The following conversation took place between Ecuadorian artist Rosa Jijón and Italian Ecuadorian activist Francesco Martone, founders in 2016 of the artistic platform Arts for the Commons (A4C). Currently, the collective – also a member of the Art For Radical Ecologies platform initiated by the Institute of Radical Imagination – is focusing its work on critiques of the Anthropocene, Rights of Nature, and resistance to extractivism, in collaboration with various movements in Latin America. Sofía Acosta Varea is a Mexico-based artist and activist on Indigenous rights and against extractivism; Boloh Miranda Izquierdo is a video-maker and artist working with Indigenous communities and movements in the Ecuadorian Amazon, and Anamaría Garzón is a curator and art historian who works at the Universidad San Francisco de Quito and is currently a PhD candidate at the University of Essex, UK. The conversation is part of the publication Art for Radical Ecologies (Manifesto).
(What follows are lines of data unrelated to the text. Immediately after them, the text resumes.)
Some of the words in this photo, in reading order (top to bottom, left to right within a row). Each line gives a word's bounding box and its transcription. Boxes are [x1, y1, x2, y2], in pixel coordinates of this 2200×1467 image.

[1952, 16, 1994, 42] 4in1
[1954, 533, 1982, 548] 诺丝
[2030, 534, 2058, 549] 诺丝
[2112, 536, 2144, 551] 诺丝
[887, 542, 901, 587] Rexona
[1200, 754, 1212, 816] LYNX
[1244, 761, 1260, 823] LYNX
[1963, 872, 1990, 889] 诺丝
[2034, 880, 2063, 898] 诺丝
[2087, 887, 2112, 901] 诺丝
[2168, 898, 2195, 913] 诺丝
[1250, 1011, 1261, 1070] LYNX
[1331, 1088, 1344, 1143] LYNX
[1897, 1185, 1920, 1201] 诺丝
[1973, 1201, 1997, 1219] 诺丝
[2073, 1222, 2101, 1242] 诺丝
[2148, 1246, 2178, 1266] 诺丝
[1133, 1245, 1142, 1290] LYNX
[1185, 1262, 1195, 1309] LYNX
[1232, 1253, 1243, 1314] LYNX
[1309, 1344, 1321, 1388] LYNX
Arts for the Commons (A4C): We would like to start this four-way conversation on artistic practices and activism in Latin America by quoting Uruguayan artist and educator Luis Camnitzer, who in a recent article delved into the relationship between art and politics:

If you want it to be art, it has to have a plus. When you dedicate yourself to serve a cause, you are leaving the plus aside. There is a lot of political art that ignores the plus and then, for me, it is no longer art, it can be effective as propaganda, pamphlet or expression of my opinion, but in reality nobody cares, or nobody should care.1

As a collective, we attempted to offer a partial overview of some Latin American artists’ practices on issues related to struggles against extractivism, territorial ecofeminisms, Rights of Nature and Indigenous cosmologies in an article published in Radical History Review,2 and in an interview with Bolivian activist and practitioner José Carlos Solón, published on The Abusable Past.3 Our continent, with its vibrant social, Indigenous and environmental justice movements, and innovative approaches such as Buen Vivir (Good Living) and Rights of Mother Earth, now represents an exciting and challenging space of experimentation and convergence between cultural and visual practices and grassroots movements.4 As Latin American artists and curators from Ecuador – you, Sofía, are currently living in Mexico; Boloh in Quito; and you, Anamaría, in New York – can you explain how your work relates to ecological struggles and territorial resistance?
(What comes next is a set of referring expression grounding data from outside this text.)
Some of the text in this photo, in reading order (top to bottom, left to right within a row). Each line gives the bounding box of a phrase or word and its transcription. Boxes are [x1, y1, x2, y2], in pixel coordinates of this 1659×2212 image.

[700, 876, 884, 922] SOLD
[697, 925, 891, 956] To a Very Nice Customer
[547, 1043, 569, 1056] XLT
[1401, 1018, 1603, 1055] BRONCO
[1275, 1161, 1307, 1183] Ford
Boloh Miranda: When I was part of an anti-mining collective, I had a first encounter with extractivism and the violence that exists in Amazonian territories. Since then, I developed an artistic practice based on social struggles and defence of the territory, whereas nature and underlying concepts are considered in non-Western ways and in connection with social movements.

Anamaría Garzón: My practice as a historian and curator is related to issues of environment and climate justice in various manners, one of which is Art + Activisms, a laboratory of pedagogies that I co-direct with Giuliana Zambrano, at the Universidad San Francisco de Quito. Sofía is also one of the founders of the project. A+A is an annual event that, since 2018, convenes Latin American creators to discuss issues like the right to migrate, ways of being in the present, the power of translation. In addition to inviting colleagues to give lectures, we are interested in creating toolboxes, so that our students and other creators have more methodological resources to do their work. For this purpose, we had sessions on critical cartographies and creative expeditions.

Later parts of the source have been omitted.